Шрифт:
Интервал:
Закладка:
Тимофей не отвечал. Может, и в самом деле заснул. И она затихла, закрыла глаза...
Едва забрезжил рассвет, как Тимофей выметнулся из постели. Оделся, не глядя на Анфису, шагнул к двери, опираясь на костыль.
— Пораненный ты? — охнула Анфиса.
— А то не видишь! — грубо отрезал он.
— Да куда ж ты?
— Зараз возвернусь.
Он подошел к окнам, вытащил щеколды из запоров, отправился на улицу. Рывком пооткрывал ставни. За окнами, слегка припорошенный снегом, под низким чужим небом лежал просторный и тоже словно чужой выгон.
Тимофей вернулся в комнату с какой-то отчетливо видной по его лицу странной решимостью. Анфиса уже успела одеться и покорно сидела на кушетке, словно ожидая приговора.

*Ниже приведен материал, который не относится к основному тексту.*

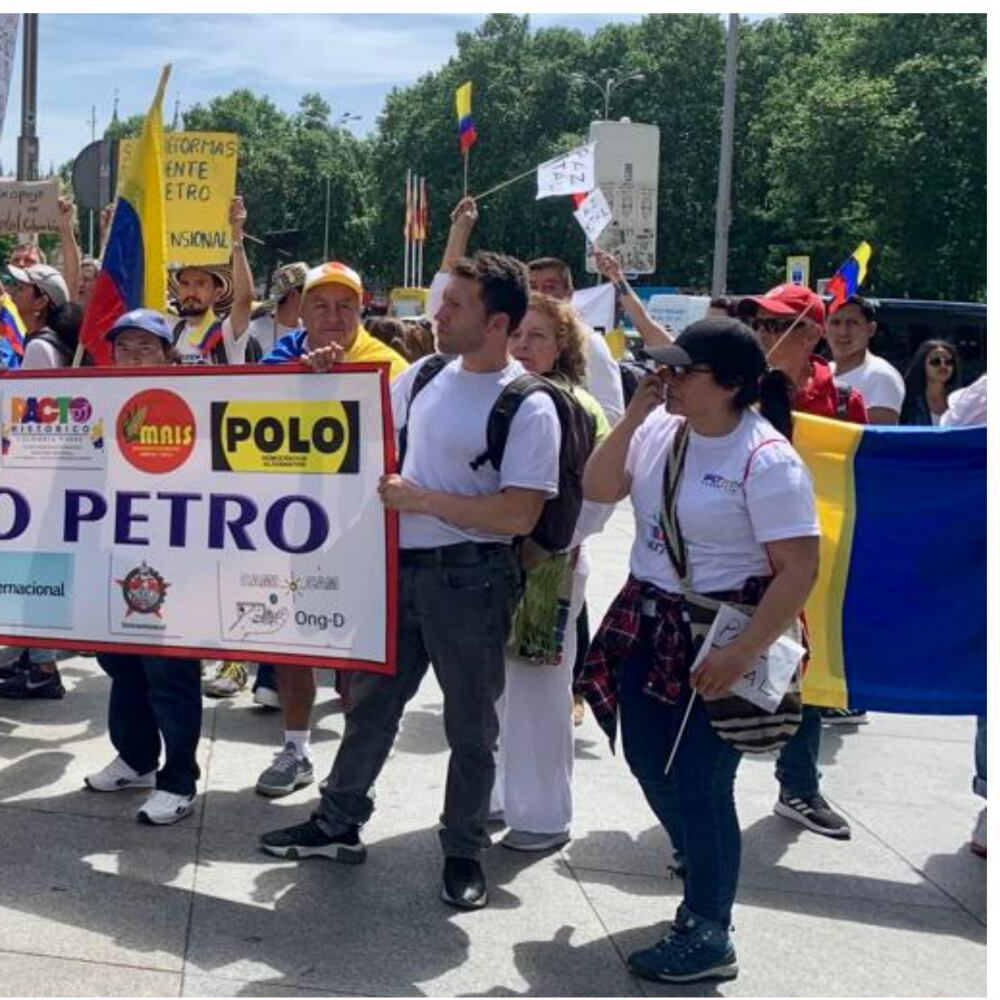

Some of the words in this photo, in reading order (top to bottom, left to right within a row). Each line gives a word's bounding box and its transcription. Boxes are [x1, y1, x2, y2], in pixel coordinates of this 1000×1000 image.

[166, 231, 228, 249] NSIONAL
[227, 416, 344, 454] POLO
[63, 488, 330, 555] PETRO
[294, 610, 346, 631] Ong-D
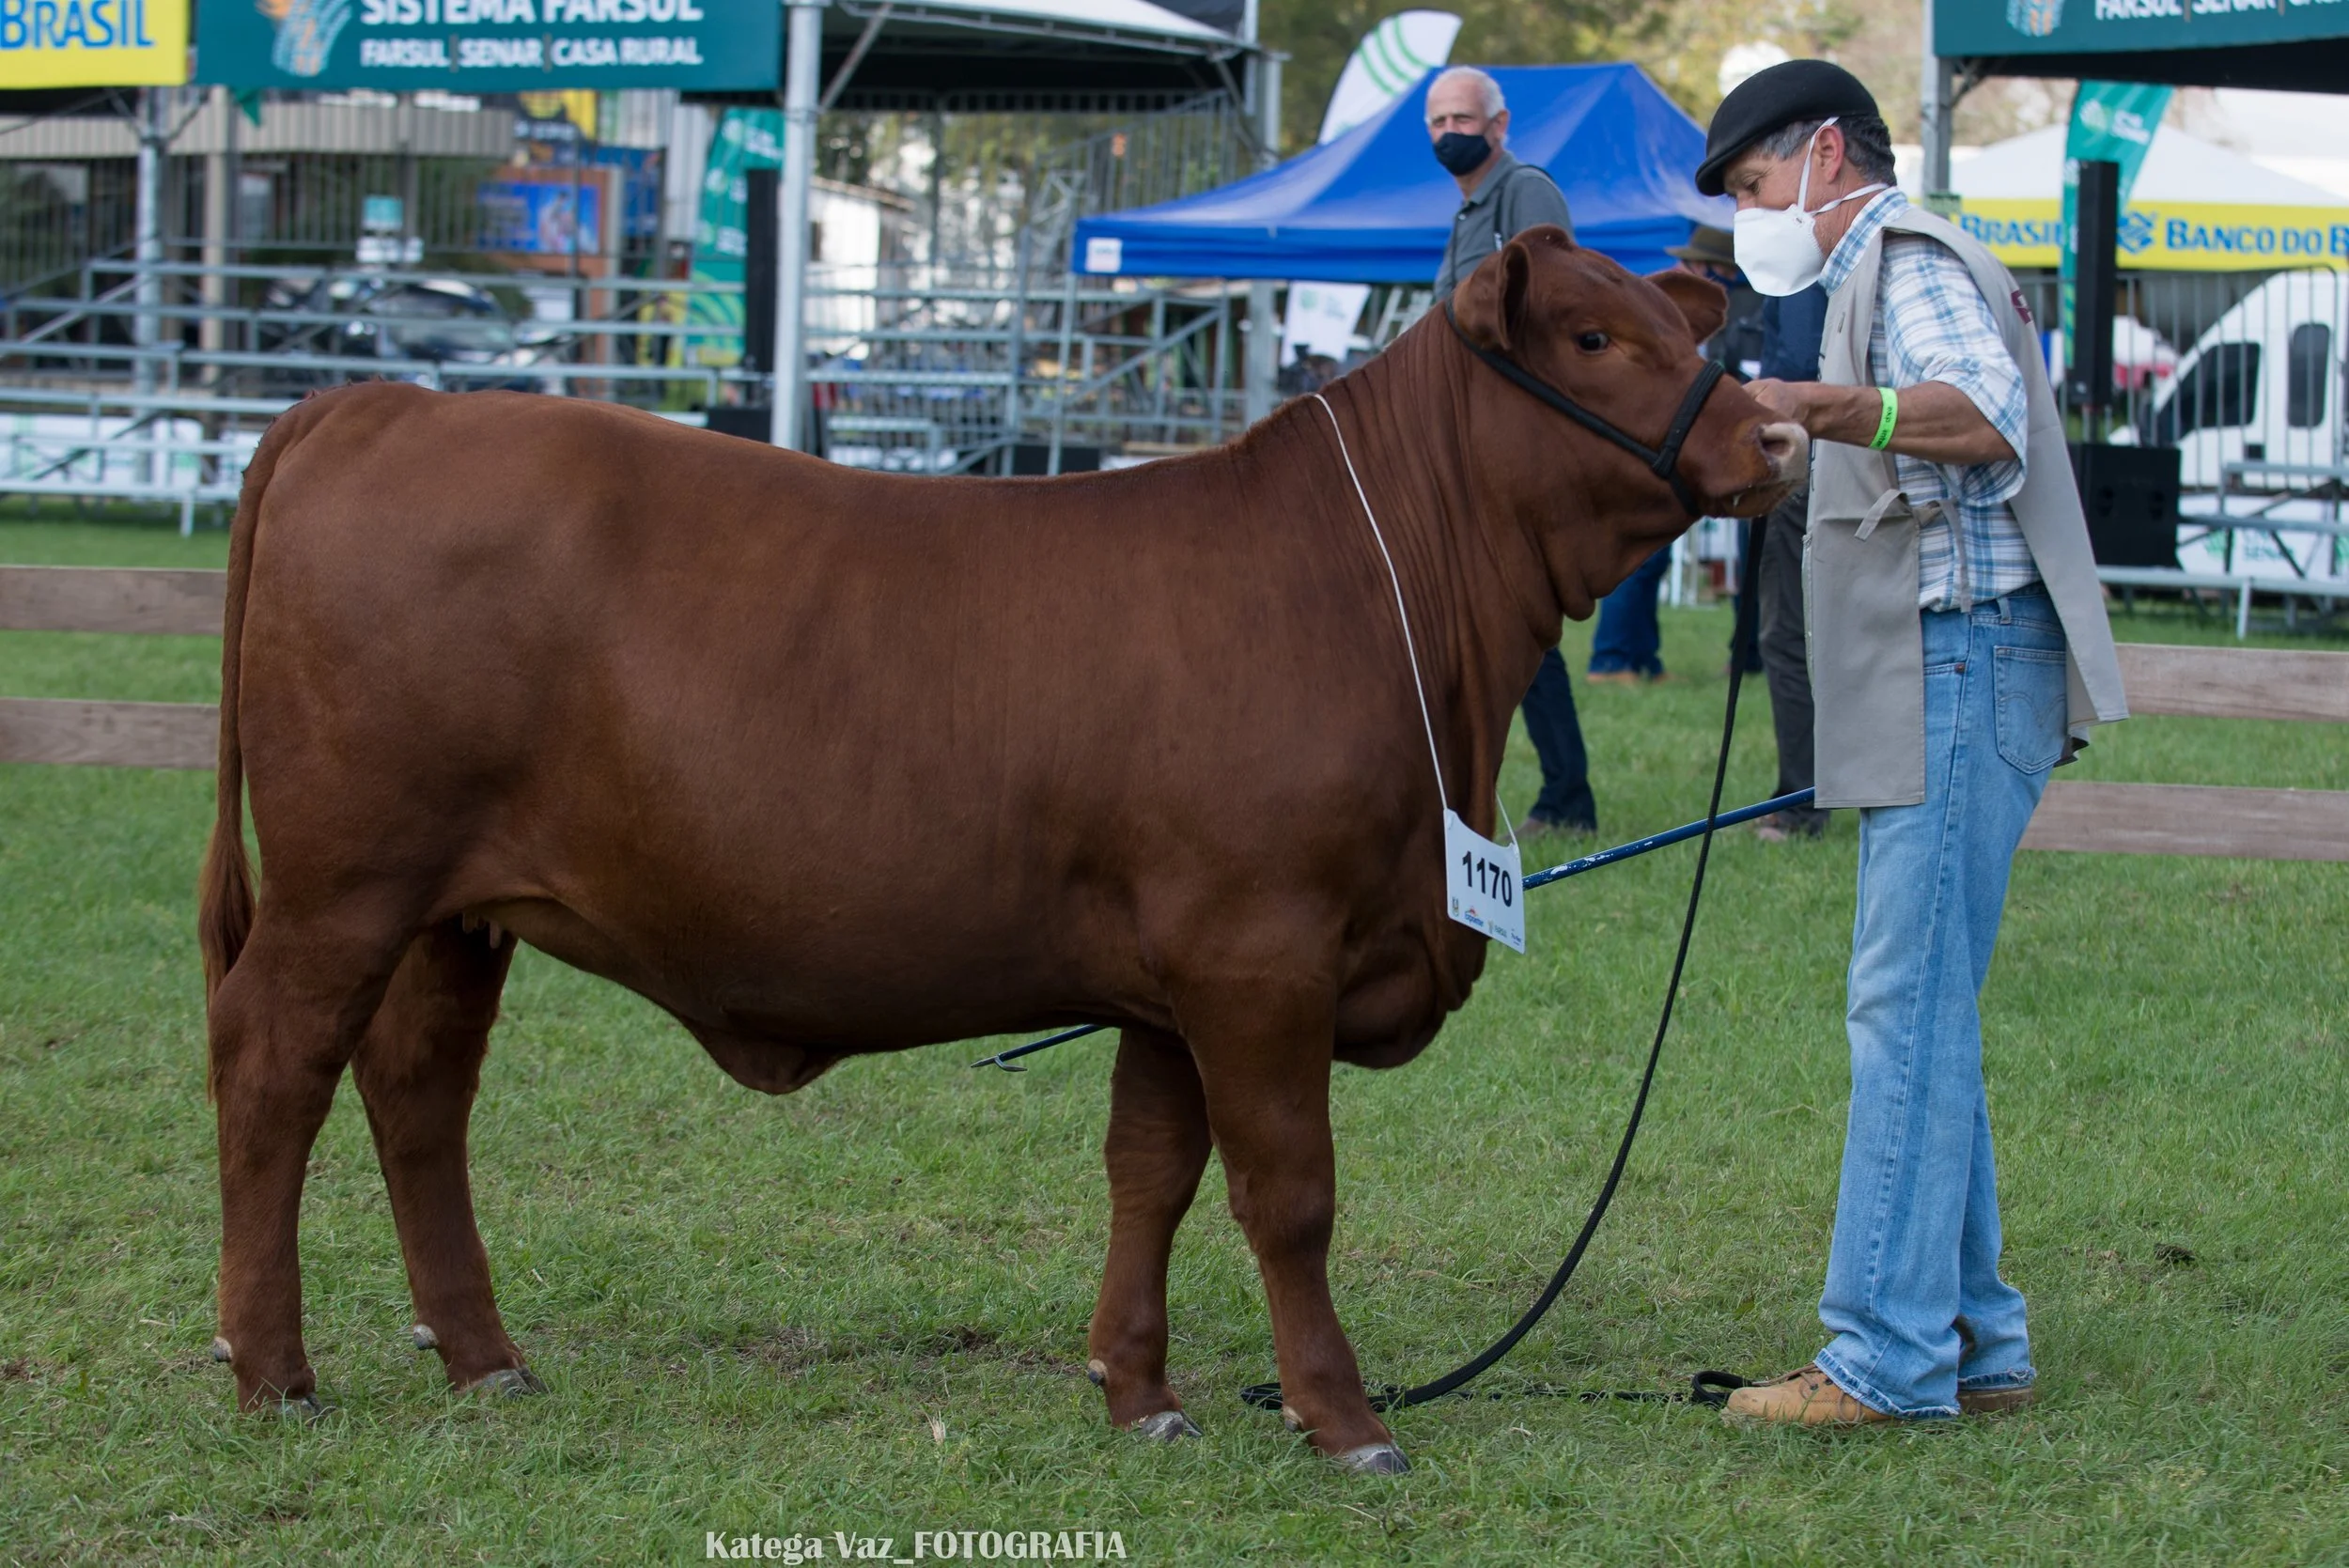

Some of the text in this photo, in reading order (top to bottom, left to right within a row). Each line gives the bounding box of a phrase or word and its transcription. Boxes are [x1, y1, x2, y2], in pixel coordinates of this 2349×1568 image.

— Гутарить будем при свете, — многозначительно заявил Тимофей. — Так, чтобы я глаза твои хорошо видел — остался в них стыд или весь испарился.
— Об чем ты, Тимоша?
— А то не знаешь об чем. Скажи, какая непонятливая!

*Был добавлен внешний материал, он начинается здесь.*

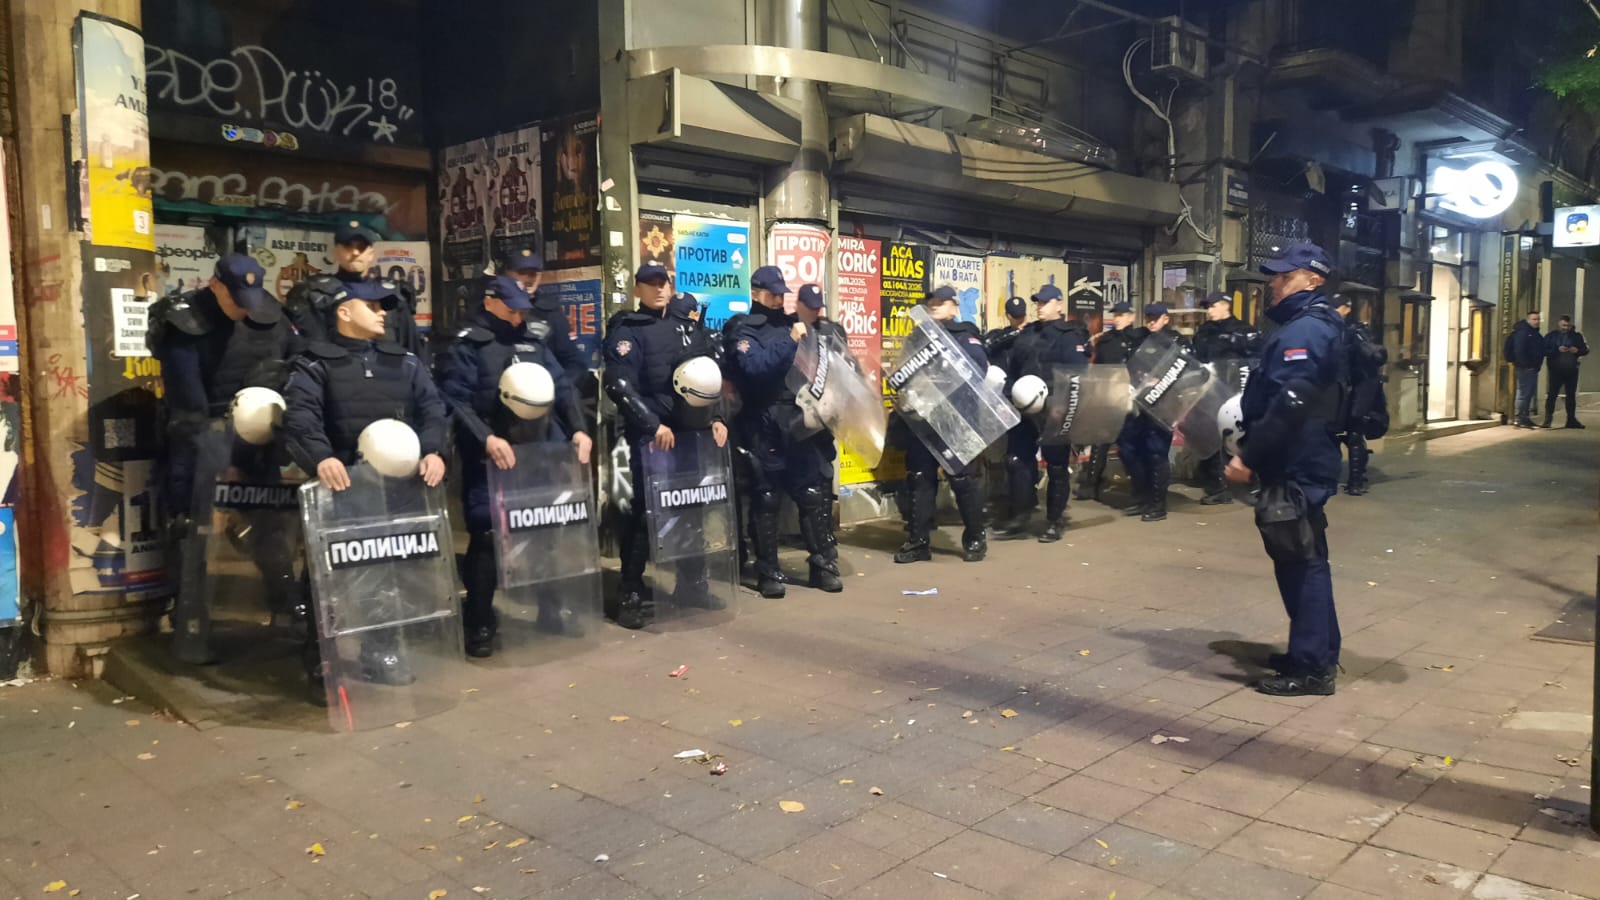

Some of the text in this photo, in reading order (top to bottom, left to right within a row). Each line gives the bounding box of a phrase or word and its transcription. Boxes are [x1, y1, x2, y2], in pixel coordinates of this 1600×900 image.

— Ну и чем же я перед тобой провинилась, Тимоша, что ты уже и пожалковал, что приголубил меня?
Тимофей с неприкрытой усмешкой окинул ее с ног до головы, как бы говоря презрительно: «И чего придуряешься?»
— А вот это разговор длинный, — враз закипая ненавистью, накопившейся за долгое время разлуки, предупредил Тимофей. — А ежели ты торопишься к своим разлюбезным поручикам и прочему офицерью, так я могу и короче.
Анфиса враз сникла, румянец на щеках поблек, и она как-то сразу состарилась. Значит, уже наговорили ему, нашептали в уши, потому он и такой, совсем не похожий на ее Тимошу.
— Ясное дело, — обреченно промолвила она. — Только я ни в чем перед тобой не виноватая.
— А это мы еще посмотрим, — угрожающе произнес Тимофей. Смущение и настороженность Анфисы еще больше озлобили его. Значит, и впрямь вину за собой чует, значит, не зря Прокофий рассказывал, как она с поручиком по бульварам шастала. — А только я тебе сразу скажу: умела грешить, умей и покаяться. А еще, как моя покойная бабка говорила, каков грех, такова и расправа.
— Не виноватая я, — твердила Анфиса, глядя ему прямо в глаза.
— И не стыдно вот так на меня пялиться? — возмущенно спросил он. — Ты лучше скажи, как у белых оказалась и как там свое времечко веселое проводила.
Анфиса смотрела на него жалобно, будто молила пощадить.
— А вот этого, Тимоша, я тебе не могу рассказать, хоть убей меня на этом месте.
Тимофей от ярости вскочил на ноги, хотел ударить ее наотмашь, но с трудом сдержался.
— Это как же понимать? — Голос его охрип, он уже не владел собой. — Единокровному, можно сказать, мужу? Да какие такие секретные дела ты там крутила, окромя бесстыжего твоего распутства, чтобы в энти дела мужа своего не допущать? Это как же понимать, — распалял он себя все сильнее, — распрекрасная ты моя супружница, каковая обязана верность мужу блюсти до самой своей смертушки? Я што, беляк? Или гидра какая?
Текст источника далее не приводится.